Fig. Spectrogram showing two channels breath audio annotated with respective labels.
Metadata file
Nomenclature: Same as Audio file, but with .json
extension and with file tag META
JSON file contains metadata for the subject. The metadata includes:
EXAMPLE
{
"1": { "Q": "What is your smoking status?", "A": "Non-smoker" },
"2": { "Q": "Do you have repeated episodes of cough?", "A": "Yes" },
"3": {
"Q": "How many times do you have cough and chest tightness?",
"A": "1"
},
"4": { "Q": "How long does each episode last?", "A": "-" },
"5": { "Q": "Have you been diagnosed with Asthma?", "A": "Yes" },
"6": { "Q": "Wheeze and chest tightness present?", "A": "Yes" },
"7": { "Q": "For how long is the symptom present? (days)", "A": "0" },
"8": {
"Q": "Do you experience episodic or continuous wheeze?",
"A": "Episodic"
},
"9": { "Q": "Does your wheeze vary with seasons?", "A": "Yes" },
"10": { "Q": "Does your wheeze vary across the day?", "A": "Yes" },
"11": { "Q": "Do you have cough?", "A": "Yes" },
"12": { "Q": "Do you have dry or wet cough?", "A": "Dry" },
"13": { "Q": "Sputum color", "A": "-" },
"14": { "Q": "Are you under any medication for asthma?", "A": "Yes" },
"15": { "Q": "Do you use inhalers or nebulizers?", "A": "Inhalers" },
"16": { "Q": "Do you have family history of asthma?", "A": "Yes" },
"17": { "Q": "Do you have allergies?", "A": "Yes" },
"18": { "Q": "Triggers for allergies?", "A": "Strong smells" },
"19": { "Q": "Have you suffered from lung TB in the past?", "A": "No" },
"20": { "Q": "Do you have any other respiratory illness?", "A": "No" },
"21": { "Q": "Write in brief About it", "A": "-" },
"22": { "Q": "Are you a known case of high blood pressure?", "A": "No" },
"23": { "Q": "Your high blood pressure is", "A": "-" },
"24": { "Q": "Are you a known case of diabetes?", "A": "No" },
"25": { "Q": "Your diabetes is", "A": "-" },
"26": { "Q": "Are you a known case of heart disease?", "A": "No" },
"27": { "Q": "Any other health problems?", "A": "No" },
"28": { "Q": "What other health problems?", "A": "-" },
"29": {
"Q": "Are you currently COVID-19 positive or have common cold?",
"A": "No"
},
"30": {
"Q": "Have you been COVID-19 positive or had cold in last 15 days?",
"A": "No"
},
"firebaseId": { "Q": "firebaseId?", "A": "vijayaomkar_b866b679" },
"subjectAge": { "Q": "subjectAge?", "A": "64" },
"subjectGender": { "Q": "subjectGender?", "A": "Female" },
"subjectHeight": { "Q": "subjectHeight?", "A": "153" },
"subjectName": { "Q": "subjectName?", "A": "Vijaya Omkar" },
"subjectRemunerationDetails": {
"Q": "subjectRemunerationDetails?",
"A": "X"
},
"subjectRemunerationType": {
"Q": "subjectRemunerationType?",
"A": "Account No."
},
"subjectSectionDone": { "Q": "subjectSectionDone?", "A": true },
"subjectType": { "Q": "subjectType?", "A": "Patient" },
"subjectWeight": { "Q": "subjectWeight?", "A": "59" }
}
PFT Report
Nomenclature: Same as Audio file, but with .tsv
extension and with file tag PFT
TSV file contains PFT report for the subject. The PFT report includes:
PFT | FEV1 | FVC | ratio |
---|---|---|---|
ref | 1.58 | 1.91 | 77 |
val | 1.48 | 1.63 | 91 |
- ref: Reference value (predicted value) for the subject
- val: Measured value for the subject
- FEV1: Forced Expiratory Volume in 1 second
- FVC: Forced Vital Capacity
- ratio: FEV1/FVC
For further details, refer
- Pnoi-phone: Main post for Pnoi-phone project.
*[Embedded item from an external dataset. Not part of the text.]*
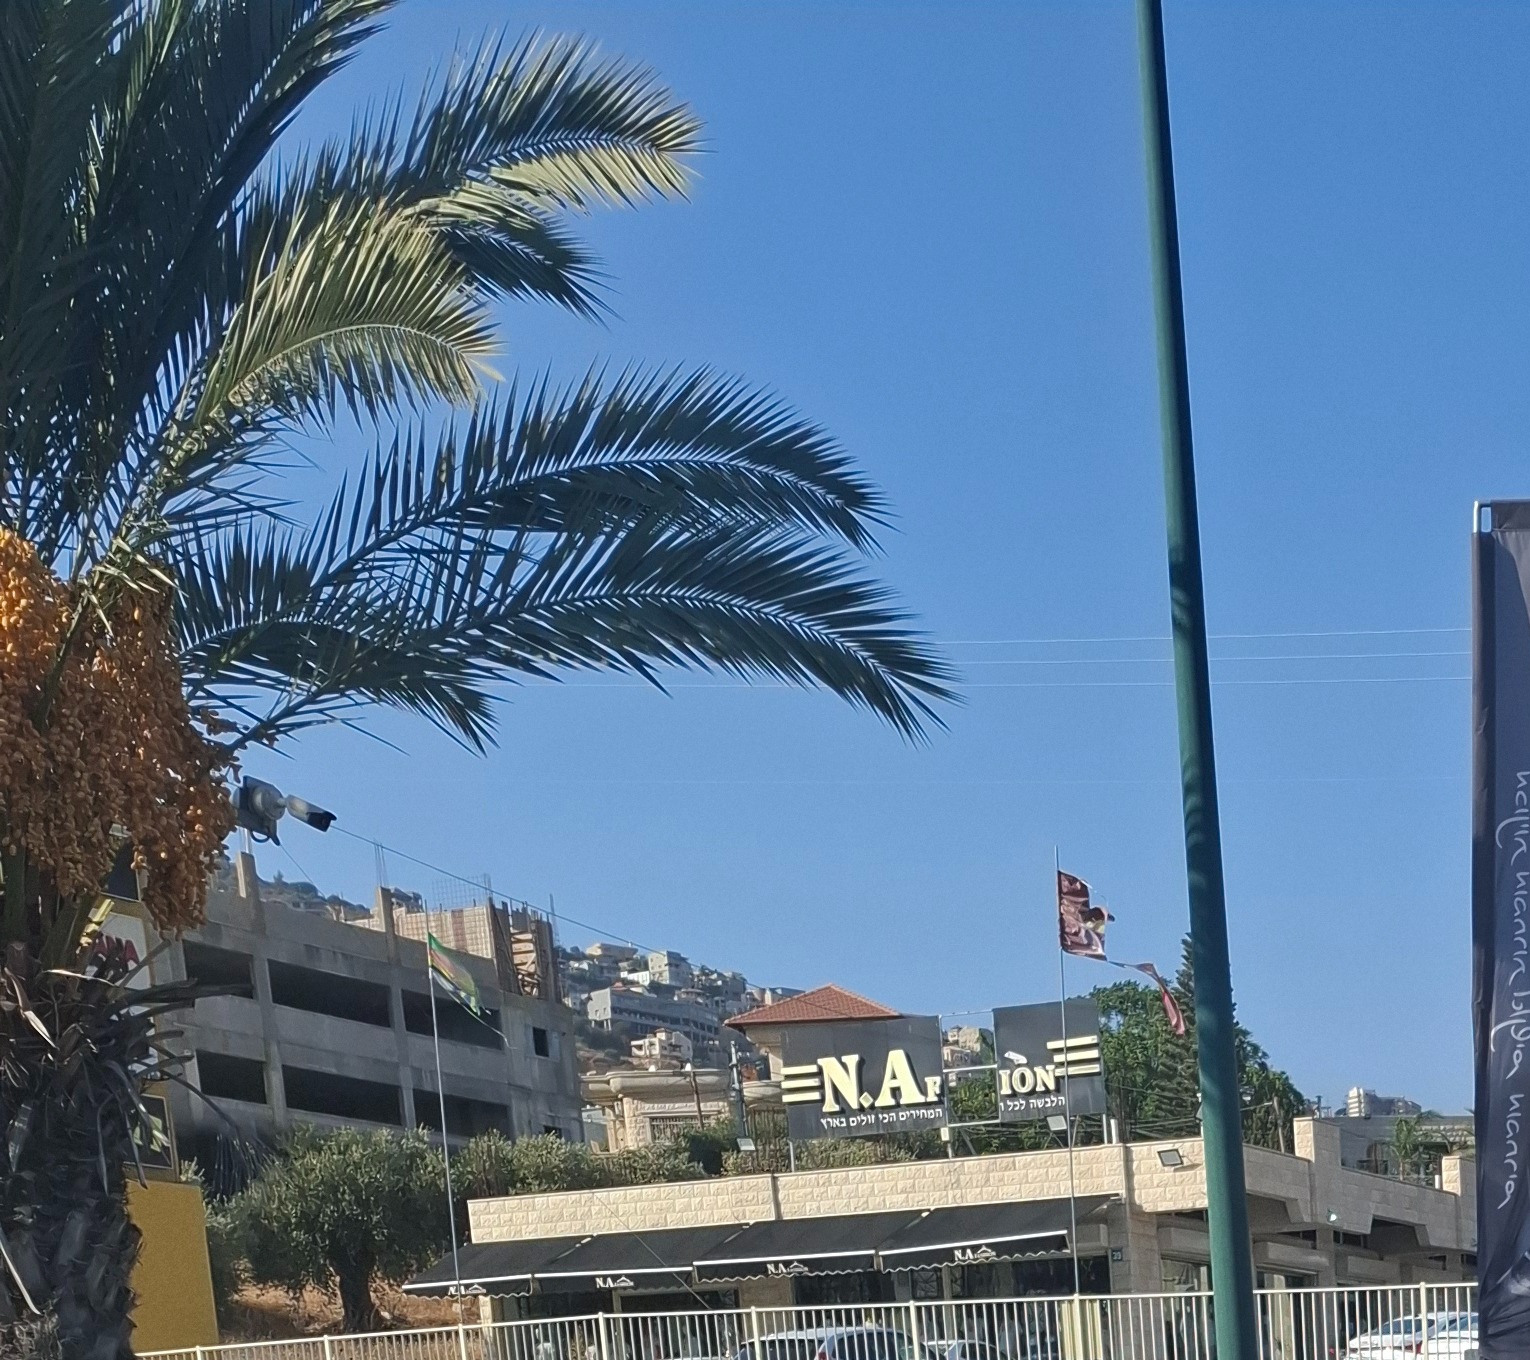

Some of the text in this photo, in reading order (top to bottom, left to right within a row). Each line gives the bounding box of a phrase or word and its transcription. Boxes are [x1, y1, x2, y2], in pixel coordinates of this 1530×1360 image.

[1007, 1097, 1027, 1112] לכל
[1029, 1095, 1066, 1109] הלבשה
[820, 1107, 943, 1131] המחירים הכי זולים בארץ
- User Research: User research conducted for Pnoi-phone to understand the user needs and requirements.
- Pnoi Stor: Data collection protocol, organisation scheme and storage for Pnoi-phone project.
- Product Design: Design and development of Pnoi-phone biomedical device integrated with AI models to diagnose and monitor airway diseases.
- Embedded System Design: Design and development of embedded system for Pnoi-phone biomedical device.
- Pnoi-phone App: Design and development of Pnoi-phone android app.
Disclaimer
The Pnoi Corpus is intended for research and educational purposes only. It is important to note that the dataset does not constitute medical advice or diagnosis. Users of this dataset are responsible for ensuring compliance with applicable ethical guidelines and regulations when using the data.